**Problem**:
Repeat the listing word for word. Leave every picture out.
****************
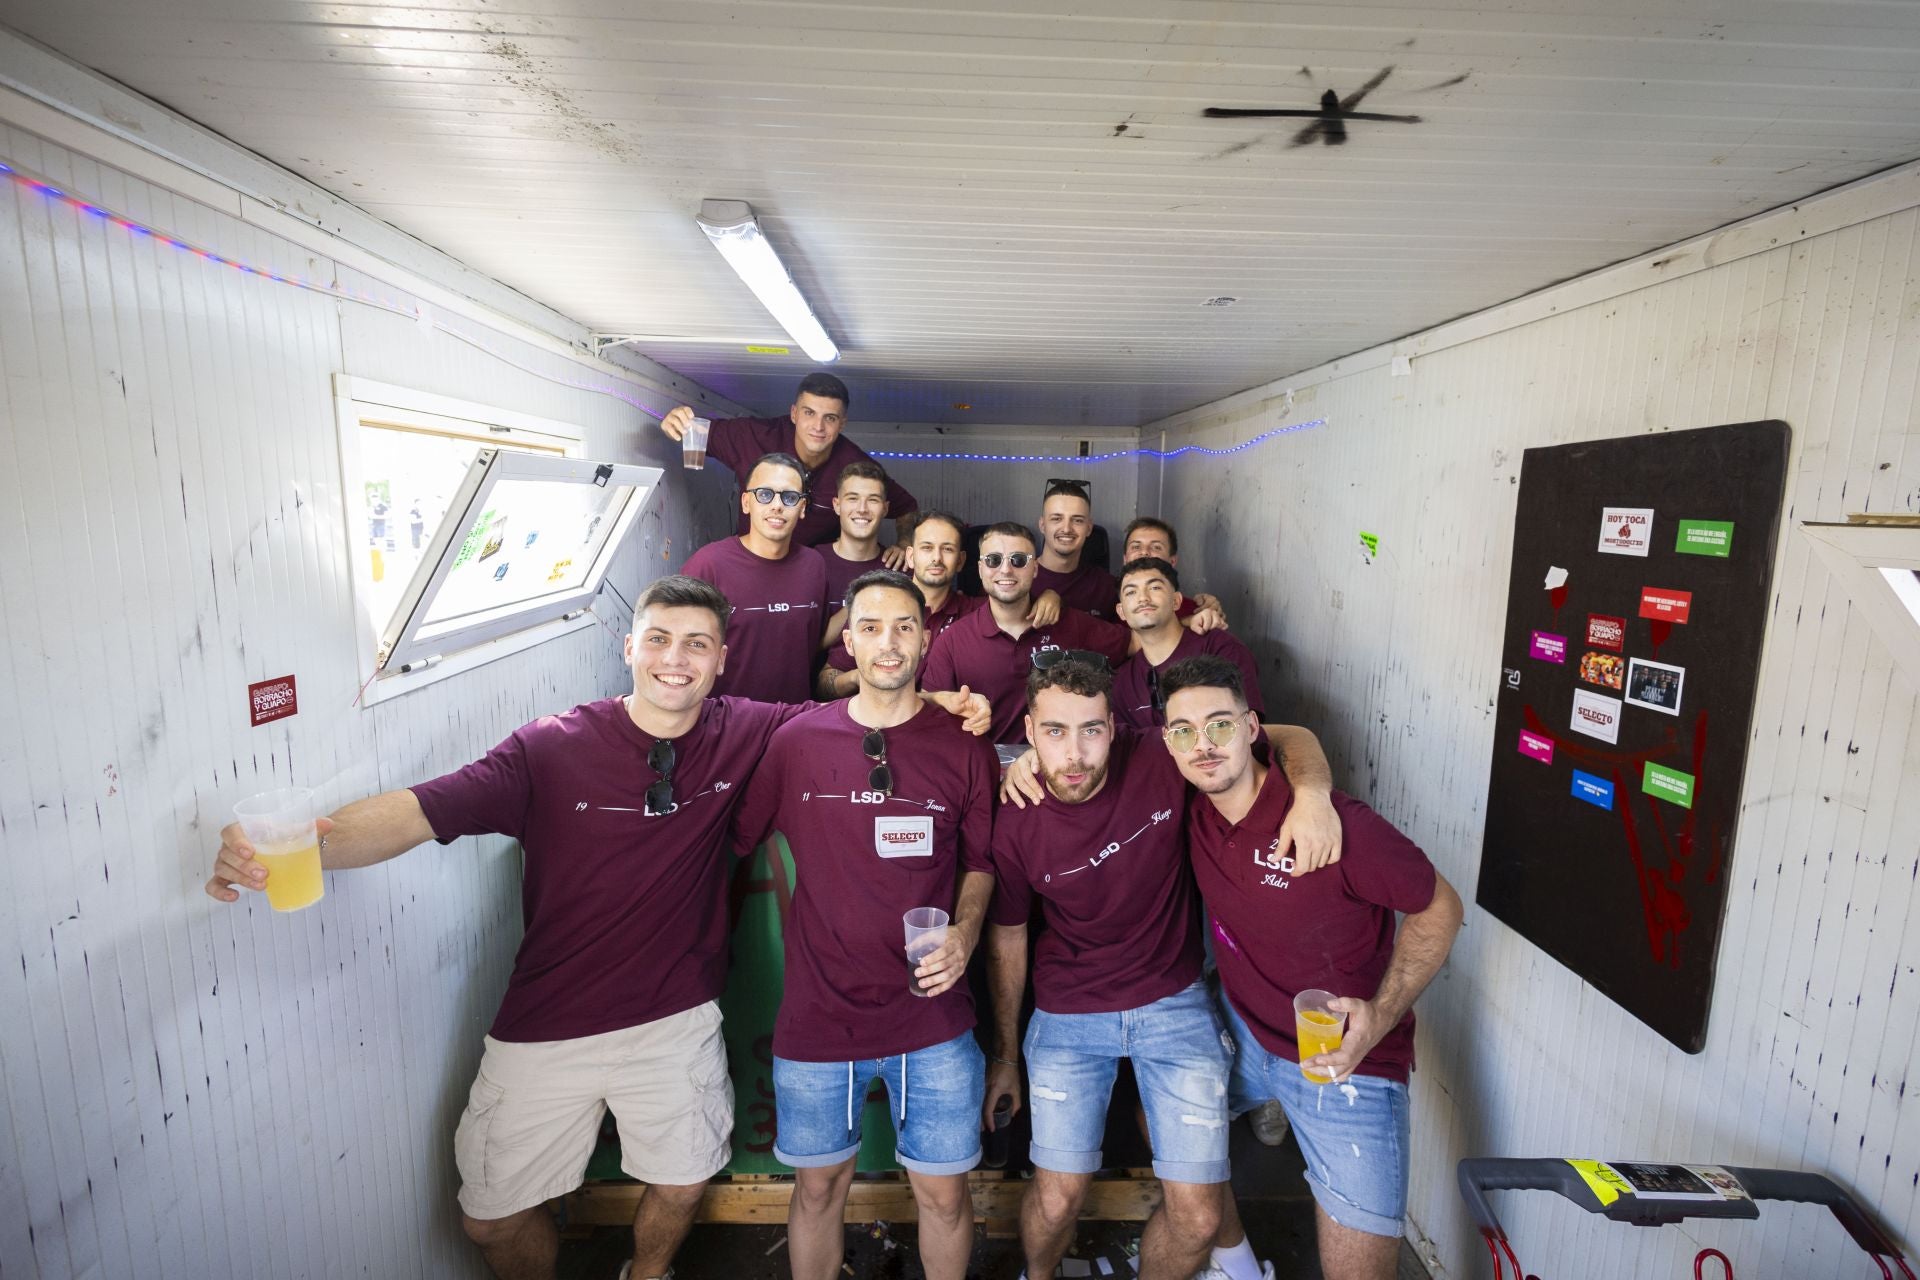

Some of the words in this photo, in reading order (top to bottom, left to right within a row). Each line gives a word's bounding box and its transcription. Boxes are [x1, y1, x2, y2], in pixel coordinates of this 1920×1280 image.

[1607, 515, 1624, 523] HOY
[1625, 515, 1646, 524] TOCA
[768, 603, 790, 613] LSD
[1589, 624, 1622, 636] BORRACHO
[1594, 631, 1615, 640] GUAPO
[1040, 635, 1051, 644] 29
[254, 688, 293, 705] BORRACHO
[261, 698, 286, 710] GUAPO
[1577, 706, 1613, 724] SELECTO
[851, 791, 885, 804] LSD
[574, 801, 589, 812] 19
[881, 831, 926, 842] SELECTO
[1089, 841, 1121, 867] LSD
[1151, 808, 1172, 825] Hugo
[1254, 848, 1296, 873] LSD
[1260, 874, 1289, 890] Adri
****************
**Answer space**:
Some of the words in this photo, in reading order (top to bottom, left to right within a row). Each line gives a word's bounding box and its transcription. Boxes are [x1, y1, x2, y2], in pixel coordinates of this 1920×1280 image.

[1607, 515, 1624, 523] HOY
[1625, 515, 1646, 524] TOCA
[768, 603, 790, 613] LSD
[1589, 624, 1622, 636] BORRACHO
[1594, 631, 1615, 640] GUAPO
[1040, 635, 1051, 644] 29
[254, 688, 293, 705] BORRACHO
[261, 698, 286, 710] GUAPO
[1577, 706, 1613, 724] SELECTO
[851, 791, 885, 804] LSD
[574, 801, 589, 812] 19
[881, 831, 926, 842] SELECTO
[1089, 841, 1121, 867] LSD
[1151, 808, 1172, 825] Hugo
[1254, 848, 1296, 873] LSD
[1260, 874, 1289, 890] Adri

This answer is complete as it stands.